“Corporal Gus Dempsey?” A private stepped into the kennel, a piece of paper clutched in his hand.
“That’s me.”
“Colonel Levithan wants to see you.”
“Now?”
The young marine rolled his eyes at me. “No, next week. The colonel loves waiting around for enlisted grunts.”
“Chill, bro,” Diaz told the guy. “Dempsey’s got brain damage.”
“I’m, uh, sorry, I …” the marine stumbled, not sure what to say.
“Don’t sweat it,” Diaz laughed. “It’s actually made him a lot more likable.”
I laughed. It wasn’t all that funny, but it felt good to laugh. And the look on the private’s face was priceless.
“I don’t have time for this,” he said. “I’ve been looking for Dempsey all day.”
“All day?” I said. “I’ve only been out of bed for half an hour.”
“What’s the colonel want with Dempsey, anyway?” Diaz asked, suddenly protective of me. I guess we had “history” too.
“Do I look like someone Colonel Levithan confides in?” The guy was annoyed now. “Let’s go.”
I turned back to my dog. “Don’t worry, Loki. We’ll get you back home soon.”
“Home?” It was Diaz’s turn to raise his eyebrows at me.
“Nothing says home like a cold rack and pit latrines,” I laughed, but I was really surprised myself. Why had I called that dusty, dirty, dangerous outpost home?

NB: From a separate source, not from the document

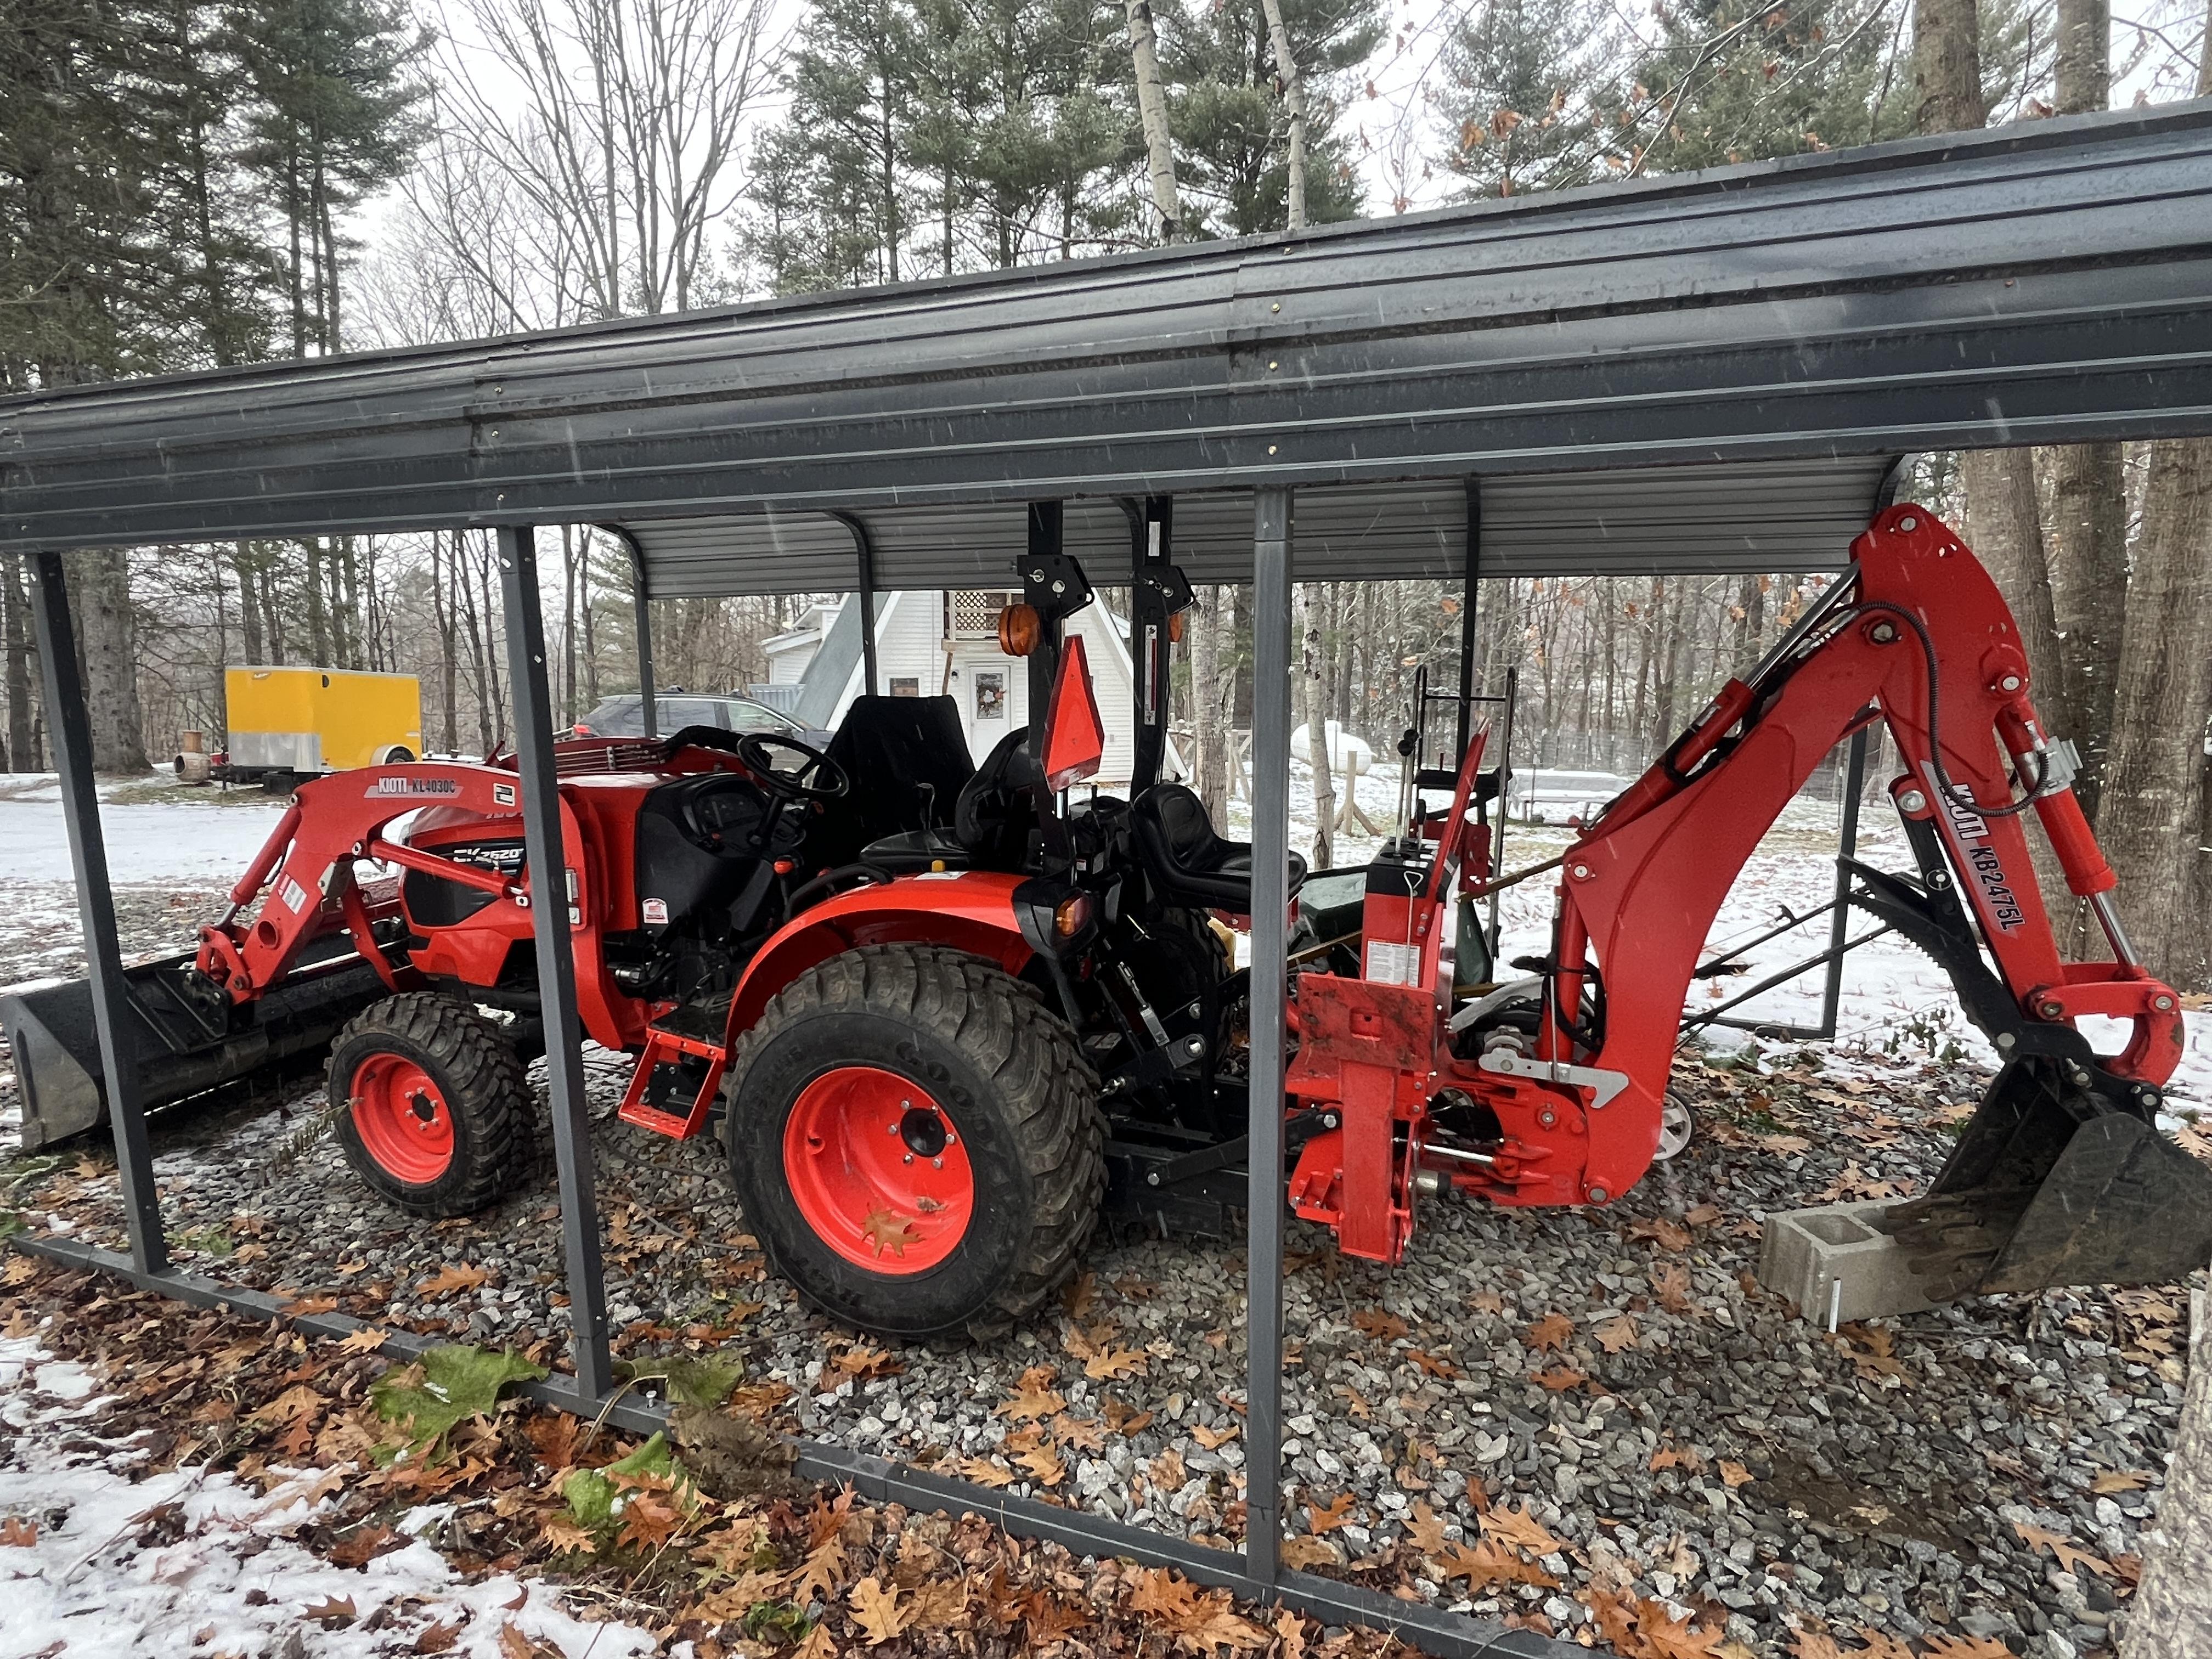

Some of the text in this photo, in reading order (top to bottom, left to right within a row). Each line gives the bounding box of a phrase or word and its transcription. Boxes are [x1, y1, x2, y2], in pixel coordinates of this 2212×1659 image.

[378, 777, 456, 794] KIOTI KL4030C
[1969, 846, 2025, 931] KB2475L
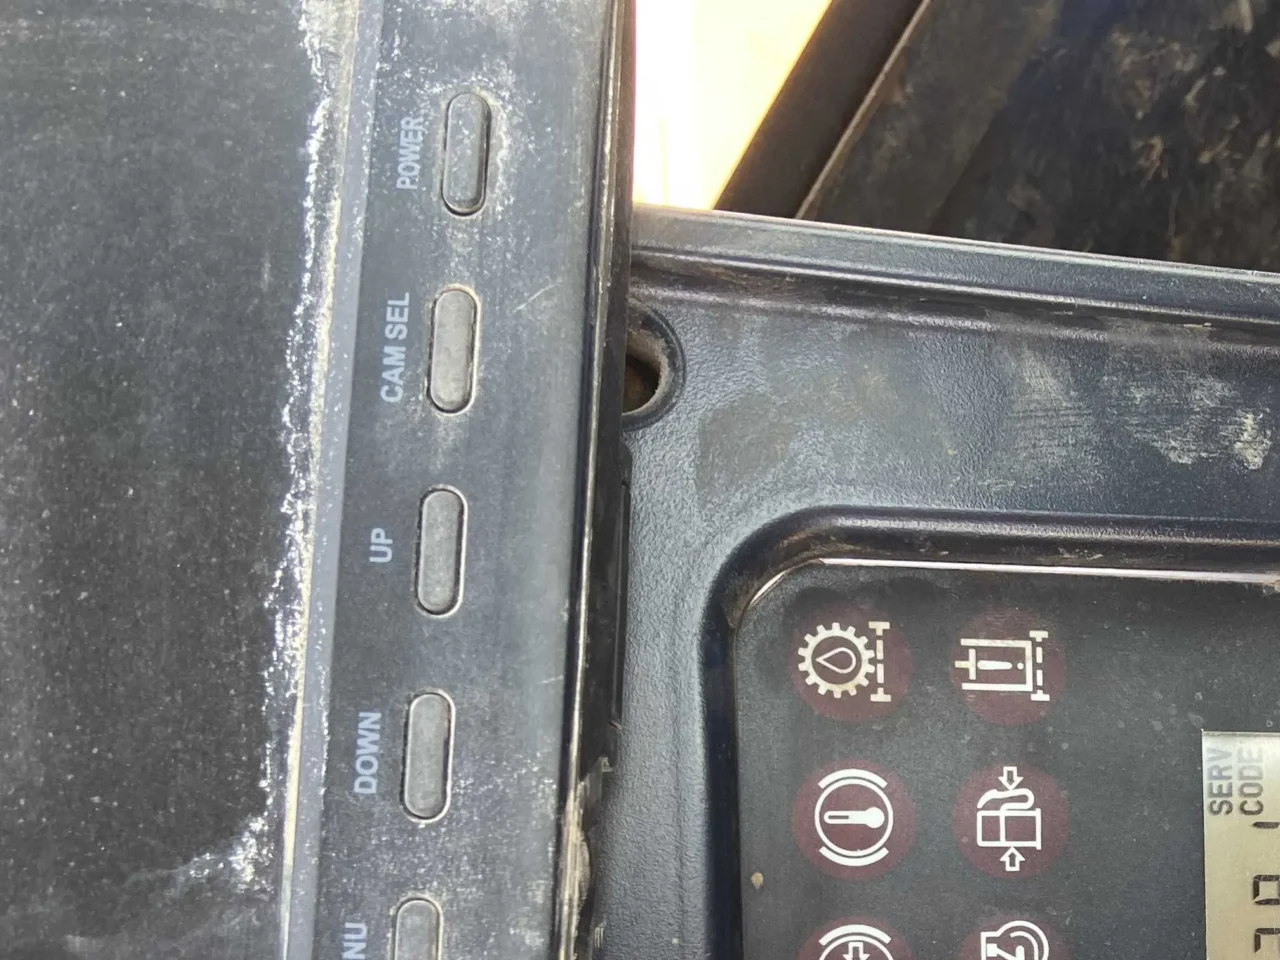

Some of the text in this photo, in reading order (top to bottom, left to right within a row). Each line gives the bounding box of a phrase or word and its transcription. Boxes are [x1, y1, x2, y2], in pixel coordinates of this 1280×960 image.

“I guess there’s no place like it,” Diaz shook his head. Then he looked me up and down with a smile. “Dempsey-Wempsey, summoned by the colonel.” He gave me a fist bump. I returned it, but the sideways smirk on his face made me think of Chang.
“Later, Mama Bear,” I called back, and followed the private outside.
Loki didn’t take his eyes off me as I left. I heard a whine from his cage.
“I’ll be right back,” I told him, and I hoped he understood. And I hoped it was true. We’d failed to protect Chang, failed to detect the other bomb. Maybe this was it. Maybe I was going to be sent home, a failure.
I hopped into the private’s jeep for a quick ride over to the headquarters, suddenly worried this would be the end of me and Loki as a team. If they sent me packing, would they even give me time to say good-bye to my dog? The Marine Corps wasn’t a sentimental bunch.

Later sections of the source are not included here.